What the exercise asks — If an entry holds a picture, leave the picture out and copy the rest exactly.

[Image-backed grounding data]

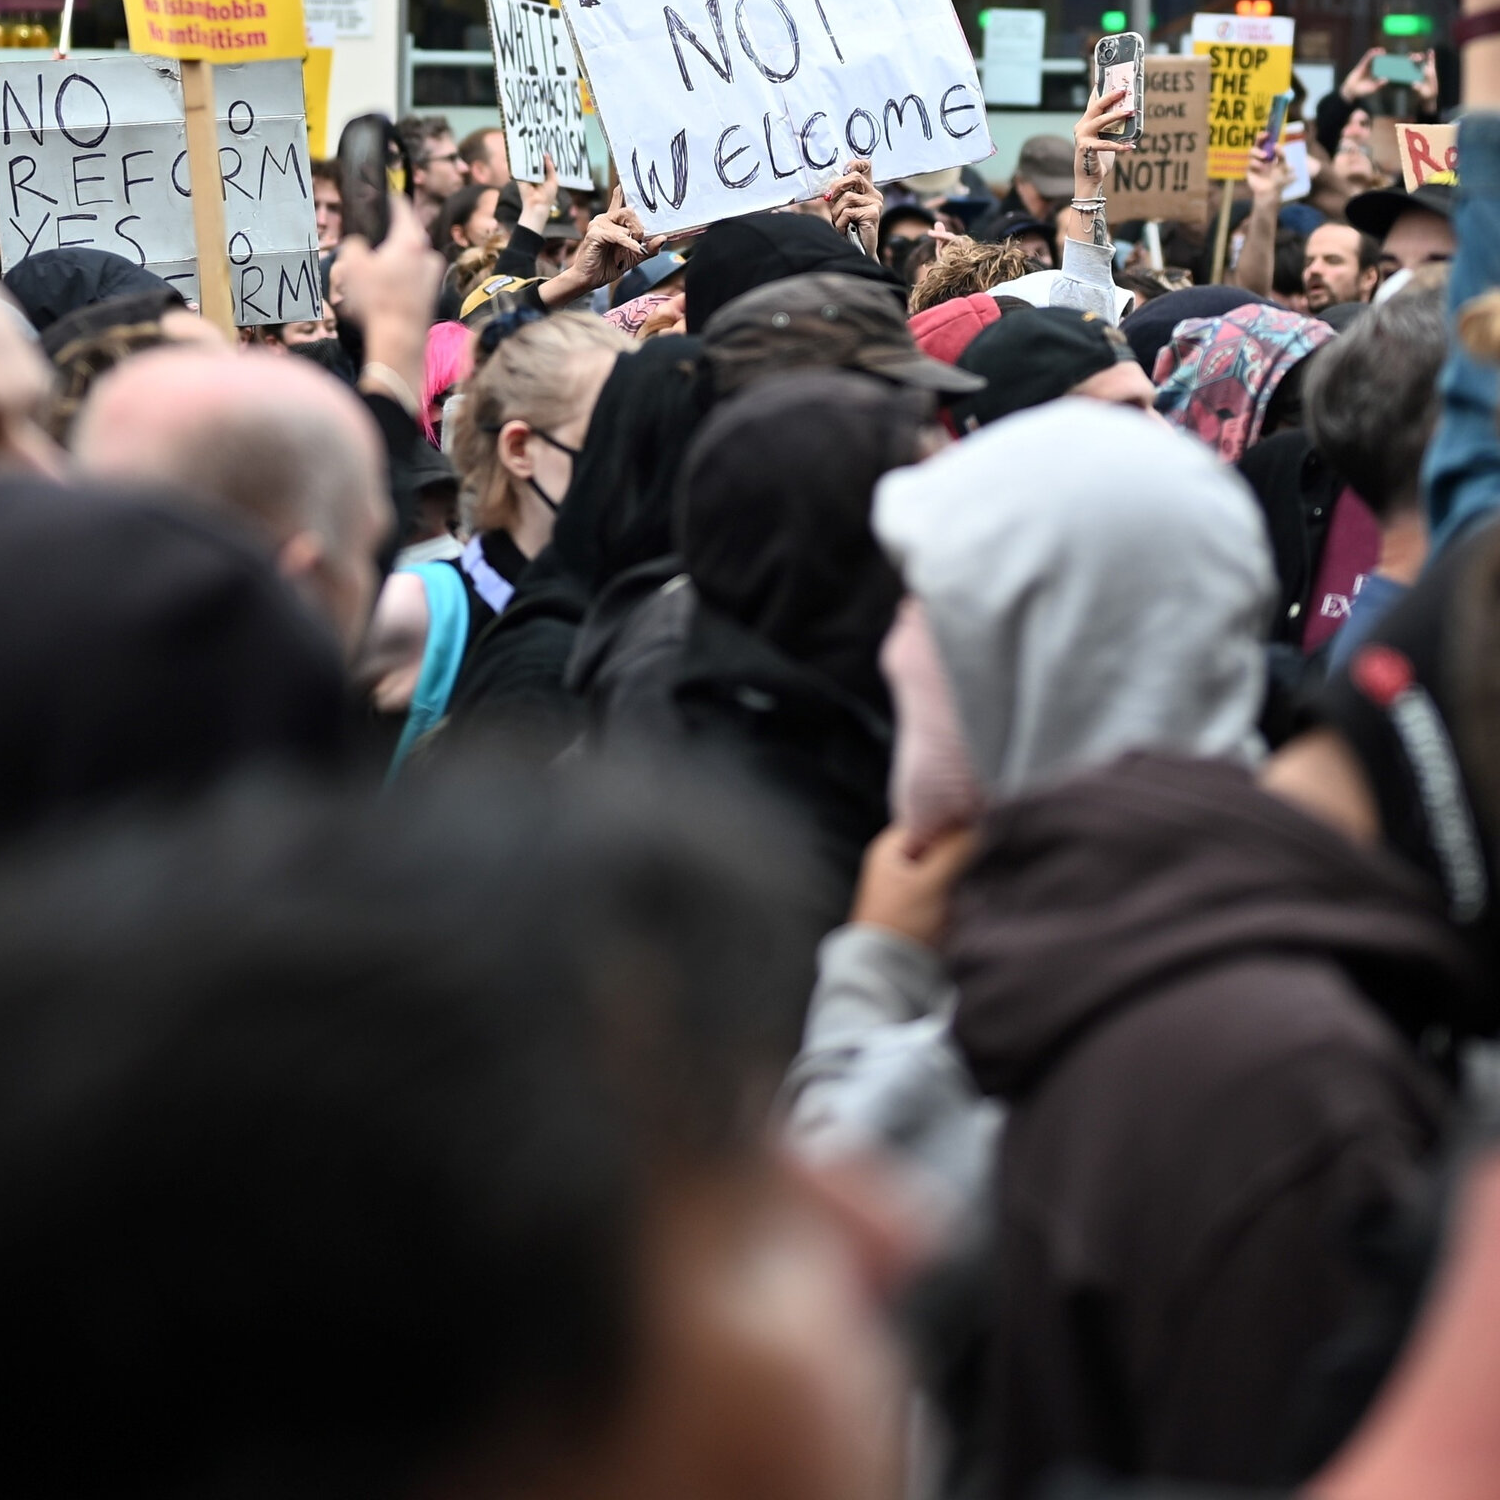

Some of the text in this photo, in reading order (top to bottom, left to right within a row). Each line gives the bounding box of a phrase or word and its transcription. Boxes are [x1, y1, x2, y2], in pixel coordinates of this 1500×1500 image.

[1209, 45, 1269, 70] STOP
[504, 76, 583, 128] SUPREMACY IS
[1210, 72, 1251, 96] THE
[2, 73, 111, 149] NO
[518, 124, 594, 181] TERRORISM
[1113, 160, 1190, 194] NOT!!
[8, 211, 147, 269] YES

Result for this task —
Some of the text in this photo, in reading order (top to bottom, left to right within a row). Each line gives the bounding box of a phrase or word and its transcription. Boxes are [x1, y1, x2, y2], in pixel coordinates of this 1500×1500 image.

[1209, 45, 1269, 70] STOP
[504, 76, 583, 128] SUPREMACY IS
[1210, 72, 1251, 96] THE
[2, 73, 111, 149] NO
[518, 124, 594, 181] TERRORISM
[1113, 160, 1190, 194] NOT!!
[8, 211, 147, 269] YES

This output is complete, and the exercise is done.